Linke kritisieren Entscheidung der Bundesregierung
Als „brandgefährlich und unverantwortlich“ bezeichnete Sevim Dagdelen, die Bundestagsabgeordnete des Bündnis Sahra Wagenknecht, die Entscheidung auf dem Kurznachrichtendienst X. Ähnlich äußerte sich die Linken-Vorsitzende Janine Wissler gegenüber dem Tagesspiegel: „Mit der Freigabe deutscher Waffen für Angriffe auf Russland überschreitet Olaf Scholz eine Linie, die niemals hätte überschritten werden dürfen.“
Scholz, der sich gerne als ‚Friedenskanzler’ darstelle, sei mit der gesamten Bundesregierung, so Wissler weiter, „auf einen Weg abgebogen, der eine enorme Eskalationsgefahr bedeutet und schlimmstenfalls die Rutschbahn in einen Dritten Weltkrieg sein kann“.
Ich sehe darin jedoch kein Abrücken des Kanzlers von seiner besonnenen Linie.

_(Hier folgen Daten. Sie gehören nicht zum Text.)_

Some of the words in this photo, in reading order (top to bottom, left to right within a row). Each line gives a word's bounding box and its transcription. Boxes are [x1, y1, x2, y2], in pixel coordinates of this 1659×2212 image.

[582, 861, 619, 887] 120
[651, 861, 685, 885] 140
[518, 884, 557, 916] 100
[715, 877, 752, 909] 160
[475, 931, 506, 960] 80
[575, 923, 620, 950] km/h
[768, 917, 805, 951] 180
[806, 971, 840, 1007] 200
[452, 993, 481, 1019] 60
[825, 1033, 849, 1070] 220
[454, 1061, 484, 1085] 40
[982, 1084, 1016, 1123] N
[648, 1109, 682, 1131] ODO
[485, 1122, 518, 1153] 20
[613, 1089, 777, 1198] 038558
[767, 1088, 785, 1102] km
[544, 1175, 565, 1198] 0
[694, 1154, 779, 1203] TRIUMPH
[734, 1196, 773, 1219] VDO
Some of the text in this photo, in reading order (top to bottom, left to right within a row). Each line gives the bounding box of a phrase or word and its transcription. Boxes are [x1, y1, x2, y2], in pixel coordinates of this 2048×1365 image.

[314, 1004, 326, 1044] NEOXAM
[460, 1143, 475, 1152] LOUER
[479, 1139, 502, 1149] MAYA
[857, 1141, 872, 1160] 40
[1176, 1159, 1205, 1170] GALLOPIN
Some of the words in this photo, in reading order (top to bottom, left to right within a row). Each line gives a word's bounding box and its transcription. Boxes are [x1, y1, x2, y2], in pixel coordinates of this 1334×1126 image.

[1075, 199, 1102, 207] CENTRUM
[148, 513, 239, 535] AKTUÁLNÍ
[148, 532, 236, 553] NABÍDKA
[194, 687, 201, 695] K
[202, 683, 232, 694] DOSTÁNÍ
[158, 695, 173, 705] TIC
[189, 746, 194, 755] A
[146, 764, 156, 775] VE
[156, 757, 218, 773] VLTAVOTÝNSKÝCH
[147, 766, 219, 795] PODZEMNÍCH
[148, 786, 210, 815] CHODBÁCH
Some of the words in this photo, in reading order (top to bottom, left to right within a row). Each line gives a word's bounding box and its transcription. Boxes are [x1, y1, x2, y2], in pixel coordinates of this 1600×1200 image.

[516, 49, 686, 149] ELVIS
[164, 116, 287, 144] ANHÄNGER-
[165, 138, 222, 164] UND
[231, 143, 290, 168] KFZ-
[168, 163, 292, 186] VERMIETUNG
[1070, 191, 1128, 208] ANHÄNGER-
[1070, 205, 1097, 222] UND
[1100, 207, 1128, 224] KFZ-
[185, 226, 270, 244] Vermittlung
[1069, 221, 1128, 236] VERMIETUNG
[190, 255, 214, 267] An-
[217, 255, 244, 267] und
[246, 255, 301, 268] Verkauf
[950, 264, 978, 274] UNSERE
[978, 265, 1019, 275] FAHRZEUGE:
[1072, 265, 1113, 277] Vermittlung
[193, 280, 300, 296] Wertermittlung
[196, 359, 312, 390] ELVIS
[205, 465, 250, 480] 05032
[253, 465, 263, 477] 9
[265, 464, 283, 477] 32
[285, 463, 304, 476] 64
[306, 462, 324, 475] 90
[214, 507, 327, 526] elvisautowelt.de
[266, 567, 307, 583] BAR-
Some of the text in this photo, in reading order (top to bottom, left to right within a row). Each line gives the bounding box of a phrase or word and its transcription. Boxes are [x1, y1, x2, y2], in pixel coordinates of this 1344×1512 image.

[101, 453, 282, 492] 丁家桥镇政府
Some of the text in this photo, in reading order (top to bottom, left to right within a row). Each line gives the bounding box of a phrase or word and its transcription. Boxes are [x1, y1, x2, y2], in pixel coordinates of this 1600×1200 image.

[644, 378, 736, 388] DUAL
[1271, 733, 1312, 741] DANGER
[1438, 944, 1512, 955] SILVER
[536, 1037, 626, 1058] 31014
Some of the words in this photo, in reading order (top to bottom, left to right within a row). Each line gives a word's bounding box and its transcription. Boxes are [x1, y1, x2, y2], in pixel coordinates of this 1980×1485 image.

Der SPD-Außenpolitiker Ralf Stegner
Dagegen signalisierte der SPD-Abgeordnete Ralf Stegner, der in der Ukraine-Politik ebenfalls immer wieder vor der Eskalationsgefahr gewarnt hatte, Unterstützung für Scholz’ Entscheidung. „Diese Einzelfallentscheidung in Absprache mit unseren Verbündeten ist wegen der militärischen Lage in Charkiw verständlich“, sagte er dem Tagesspiegel: „Ich sehe darin jedoch kein Abrücken des Kanzlers von seiner besonnenen Linie.“
Erst am Vorabend hatte sich Scholz erneut klar gegen andere weitergehende Forderungen zur Unterstützung der Ukraine ausgesprochen und etwa Bodentruppen oder die Errichtung einer Nato-Flugverbotszone ausgeschlossen.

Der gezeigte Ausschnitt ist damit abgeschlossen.